The woman watched me with eagle eyes. “It won’t come. The chains binding you are fused with magic. Your power is all but useless to you now.” She ran a nail down my cheek and I jerked away from her touch.

“Don’t touch me, or I swear, the second I’m free I’ll ram my fist down your throat and burn you from the inside out.”

She smiled with closed lips, eyes flashing with amusement. A single dimple cut the sharp angle of her cheek. Pain filled me, disgust surging at the familiarity of that smile—of the golden ring in her eyes. “It’s a shame to waste such power, such spirit. You might have been my best student if things were different.”

“What are you talking about?” I spat. “Whoareyou?”

“My dear girl. Do you still not see?” She raised her thin arms and smiled widely. My belly flipped at the sight of teeth filed into fangs—fashioned like a fucking vampire’s.

Bile climbed my throat, realisation sinking in. A vision of Hanna flashed before my mind’s eyes—the image of her deflated body, the strange teeth marks on her skin. They matched this woman’s teeth perfectly. “You’re the one who’s been killing the girls. You fed on Hanna like an animal!”

She flicked a tongue over her teeth. “Yes. I devoured them, body and soul. I took only what was rightfully mine. A blood sacrifice in exchange for my protection from the humans.”
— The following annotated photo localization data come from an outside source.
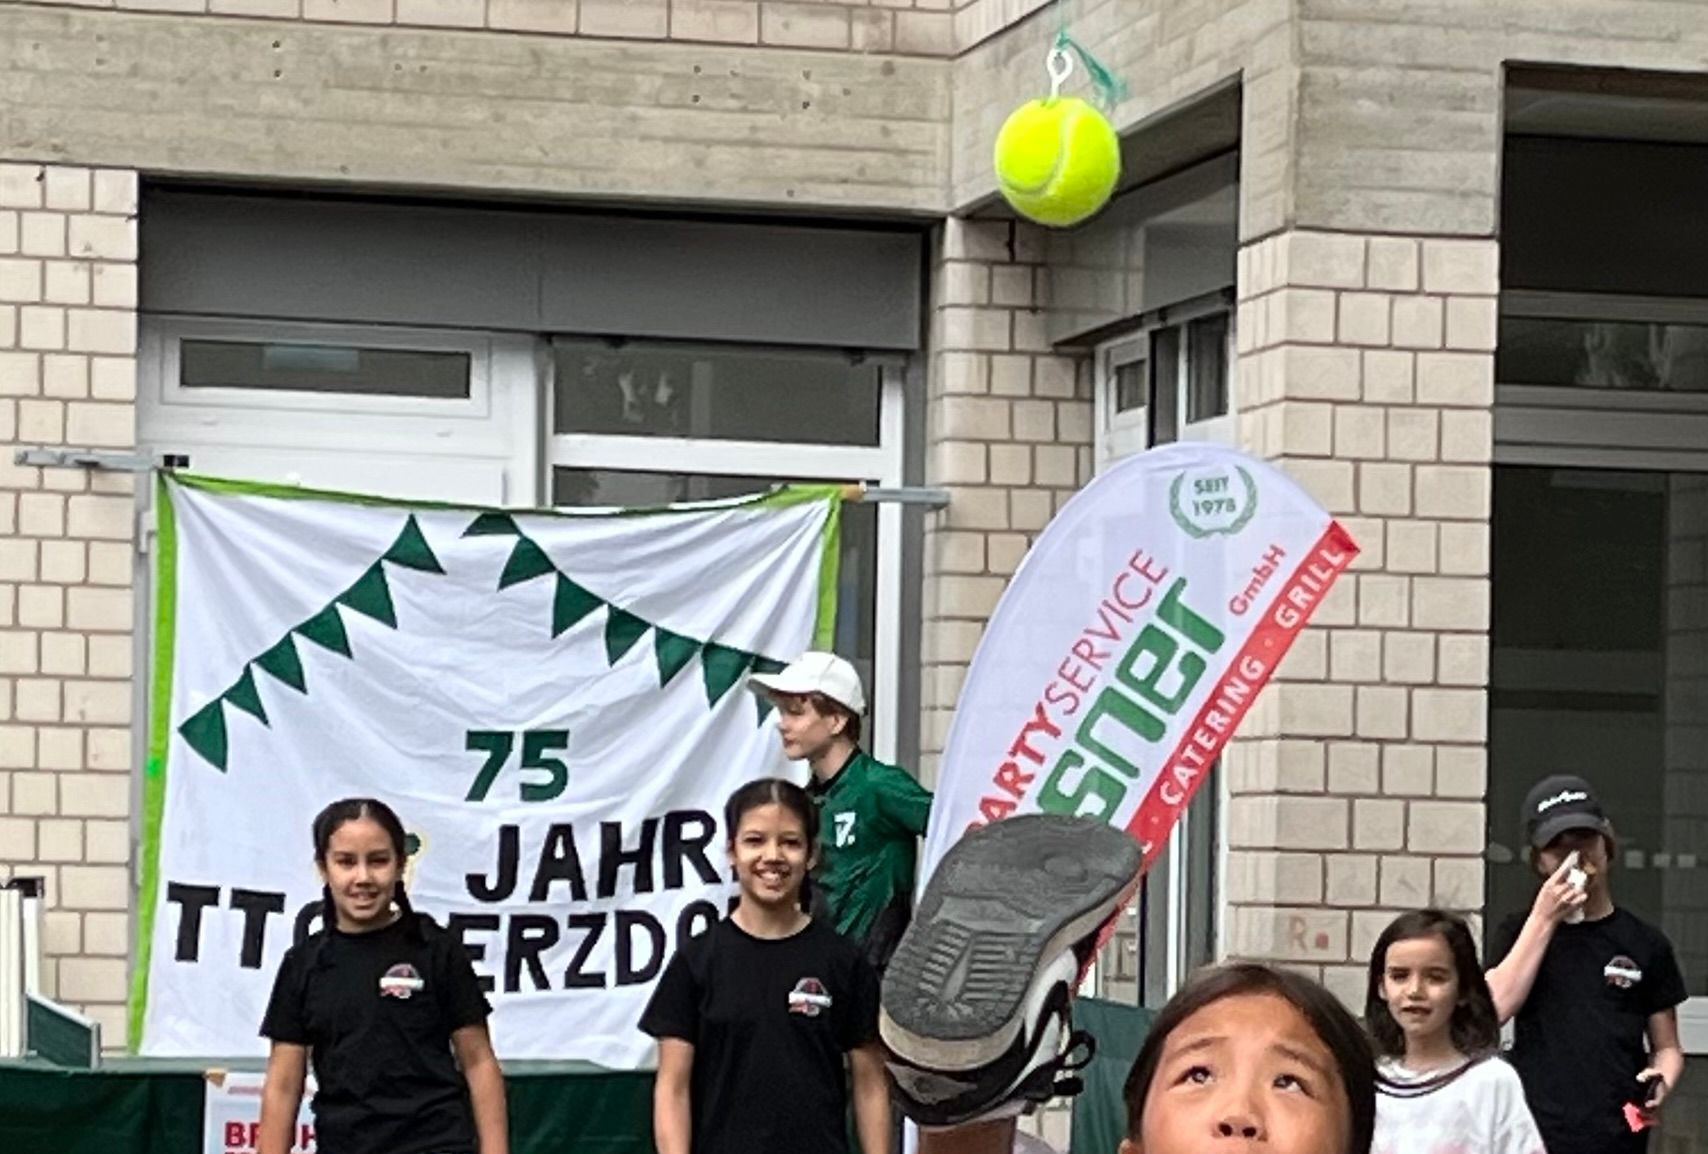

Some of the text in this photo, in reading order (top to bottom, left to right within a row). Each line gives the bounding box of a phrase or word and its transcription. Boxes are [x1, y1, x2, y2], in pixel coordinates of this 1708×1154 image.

[1194, 475, 1230, 495] SEIT
[1036, 544, 1287, 826] sner GmbH
[1160, 547, 1346, 806] CATERING GRILL
[465, 728, 570, 803] 75
[465, 809, 739, 903] JAHR
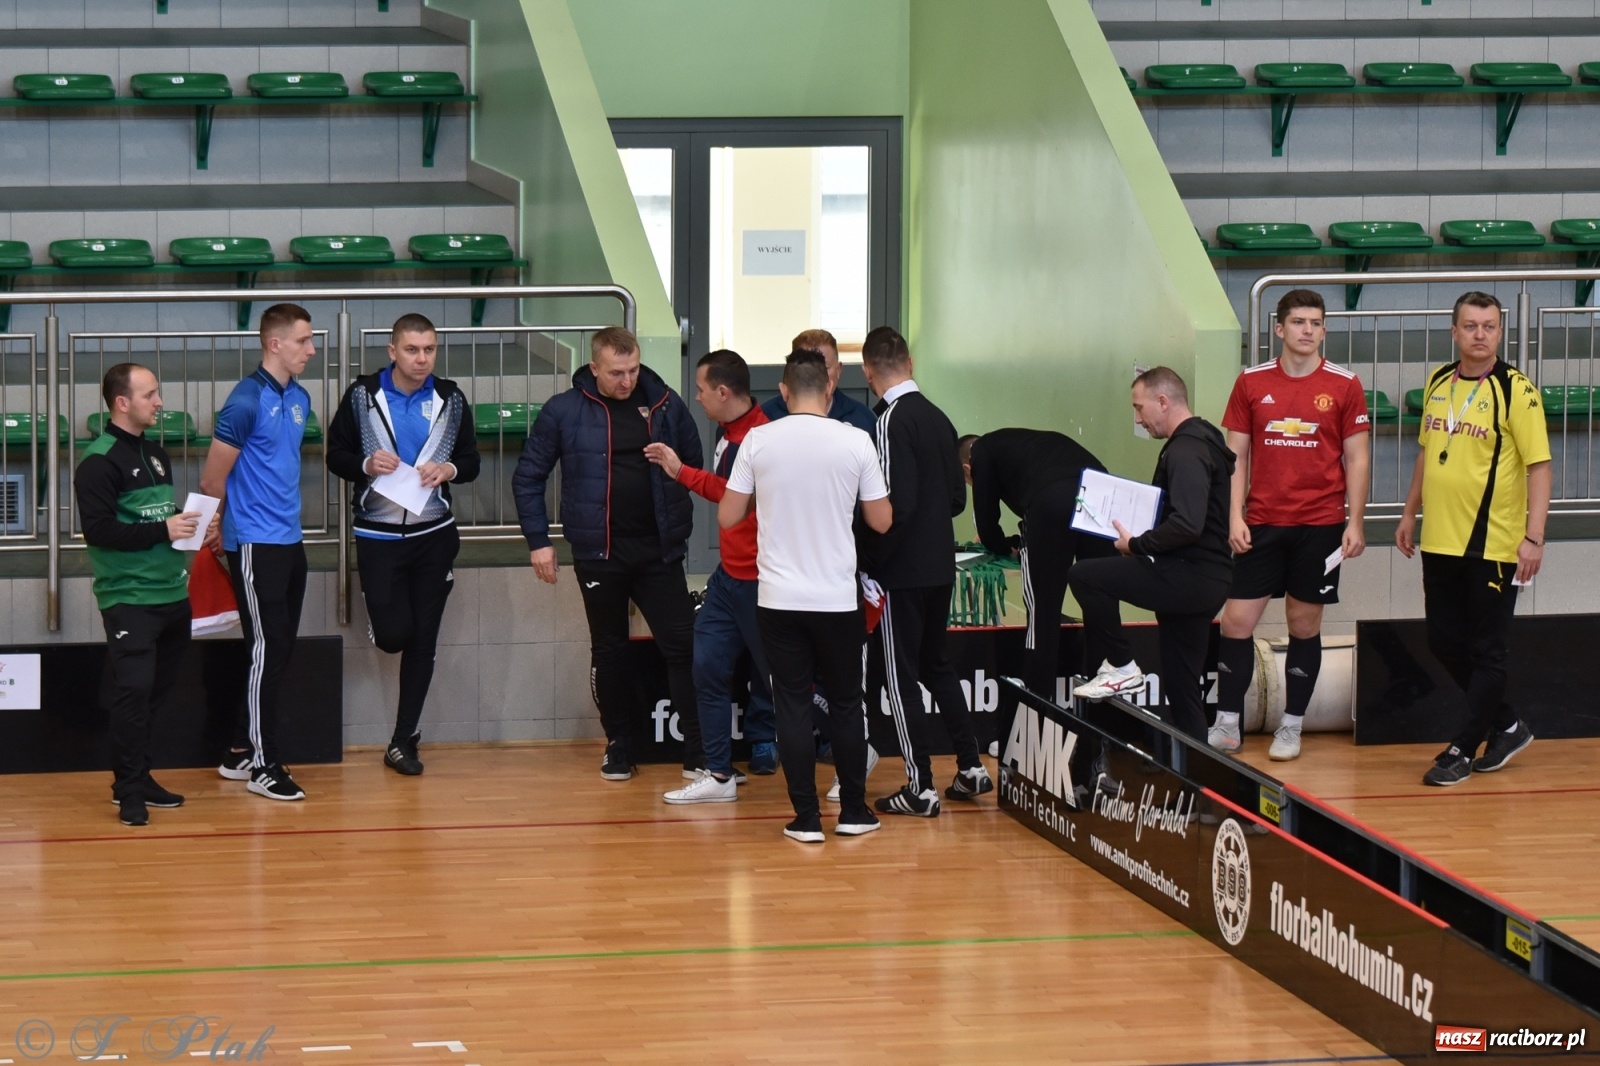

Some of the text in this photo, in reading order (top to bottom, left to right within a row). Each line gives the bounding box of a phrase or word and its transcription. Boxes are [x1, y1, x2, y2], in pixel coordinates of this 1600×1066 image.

[757, 245, 792, 254] WYJŚCIE
[1432, 417, 1489, 440] EVONIK
[1264, 438, 1319, 449] CHEVROLET
[9, 678, 15, 686] B
[1002, 701, 1077, 808] AMK
[1090, 834, 1190, 908] www.amkprofitechnic.cz
[1269, 880, 1434, 1023] florbalbohumin.cz
I failed to suppress a shudder, the chill on my back sinking deeper beneath my skin. This woman was insane. Drinking the blood of her victims and no doubt getting high off their magic. Bloodmorphia, only she didn’t need the drug. She took it direct from the source.

My stomach roiled. The worst part was that she was still a witch, not a vampire or something other, but a witch driven mad by her cult. And she thought she was owed sacrifices in exchange for—

“Protection?” My brows knitted together. “What the fuck could you possibly—”

My words trailed off as it all came tumbling into place. The strange disappearances of the girls, the sacrificial rituals, the fabled warden of the woods, whom no one had ever laid eyes on in the flesh.

There was only one person charged with protecting my coven from the humans. Only one who was said to have erected the wards protecting our village from wandering eyes.The banya. My coven’s beloved Baba Yana.

It was her. All along, this witch, thisthing, had us worshipping her like fools. She was a false prophet. A killer of her own kind. And we’d all been stupid enough to believe her lies.